The core of the plaintiff's argument focused on the suggestion that the DPD is selectively enforcing municipal ordinances to specifically restrict the practices of the occupation, and the issue came up repeatedly during Quinones' cross-examination, particularly when he confirmed that a gathering the size of Occupy Denver is not allowed in city parks on a regular basis without a permit allowing it to do so. The arguments centered on the standards the city uses to decide which ordinances it chooses to enforce.
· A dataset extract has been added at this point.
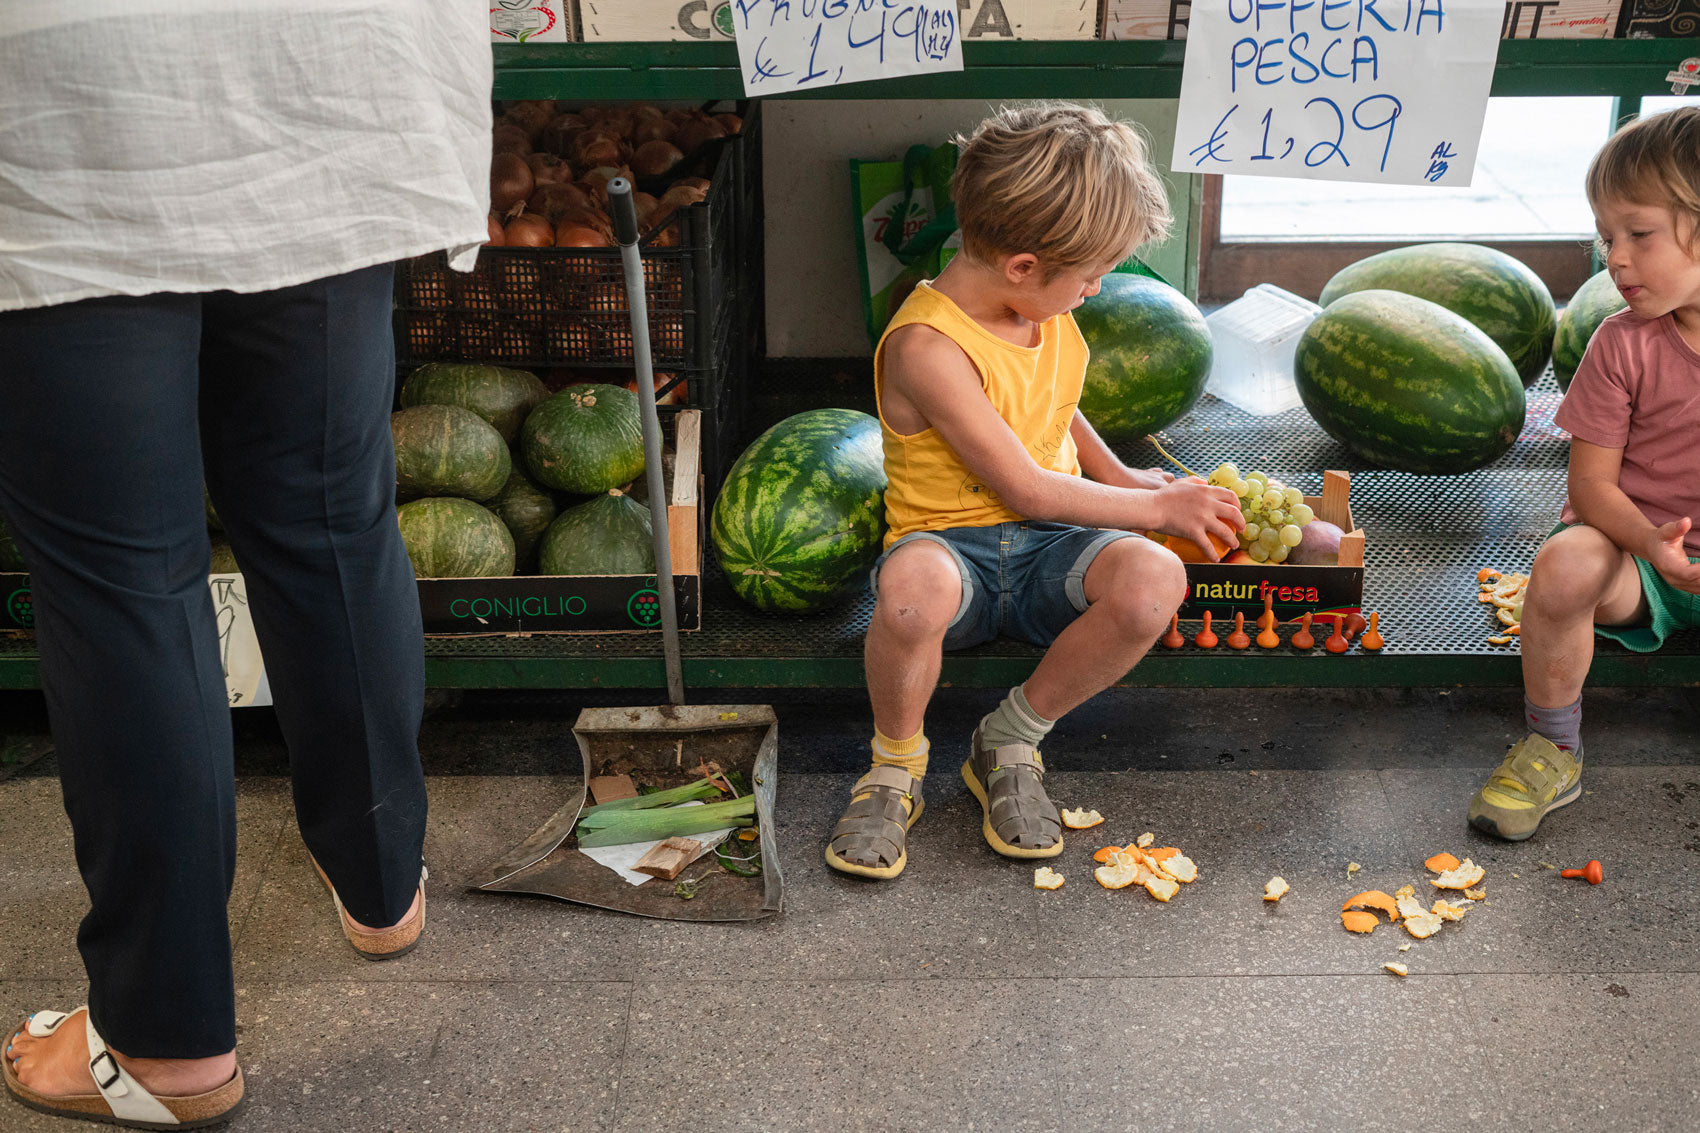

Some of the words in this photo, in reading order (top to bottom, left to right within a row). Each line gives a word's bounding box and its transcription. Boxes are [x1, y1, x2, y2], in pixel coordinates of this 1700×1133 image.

When asked to detail the steps the DPD has taken in order to protect the movement's First Amendment freedom of expression, Quinones said the police have "accommodated several unlawful, unpermitted marches" by blocking off traffic to ensure the group's safe passage through downtown during Saturday rallies. He maintained the DPD must regularly enforce park rules because "the park is dark at night," Quninones said, adding that "a lot of crimes typically occur in parks."
A notably heavy drug area in the past, Civic Center Park has continued to host criminal activity during the occupation as well, Quinones testified. "We've had at least one drug overdose, sexual assaults, several fights we've had to put out," he said. In his view, the encampment includes "disorder and a lot of criminal mischief."
Any property removed because of the city's anti-encumbrance ordinance is classified as "abandoned," Quinones said. He asserted that the personal property of the protesters' provided such extensive encumbrances that passersby were forced to walk into incoming traffic lanes to make their way past. That earned a retort from Lane, who asked why pedestrians did not simply step into the park instead of the street.
During the later part of the day's arguments, the discourse between the plaintiff and defense grew occasionally sarcastic, particularly after Quinones admitted holes in his knowledge base. Although he argued Daniel Garcia's honking might have prevented officers from hearing his orders or police radio during the night's altercation, he told the court, "I don't know why the officer issued that ticket. I was told the next day."
Other evidence included documentation of Mayor Michael Hancock's Honk 'n' Waves, campaign rallies for which Lane confirmed with a witness for the defense that there were no related tickets for honking.
Quinones later said for the court that the enforcement of municipal ordinances falls primarily to individual officers. He said that in a hypothetical situation similar to the one in which a literature table was removed from the occupation as an encumbrance: "I would advise the officers to leave them alone. It's not worth the fight."
"What you're saying then," asked David Lane, "is that it's up to each and every officer to decide what they're willing to enforce?"
Quinones' reply: "Absolutely." (Quninones, it is interesting to note, testified that he was not aware of either CBS4 or the Denver Post's coverage of Daniel Garcia's ticket -- only Westword's.) The same statement applied to Quninones' assessment of Schultz's ticket for riding on the sidewalk, which he agreed officers would normally just treat with a warning.
"The apparent lack of command within Denver brass was something I found very surprising," Lane said after the hearing.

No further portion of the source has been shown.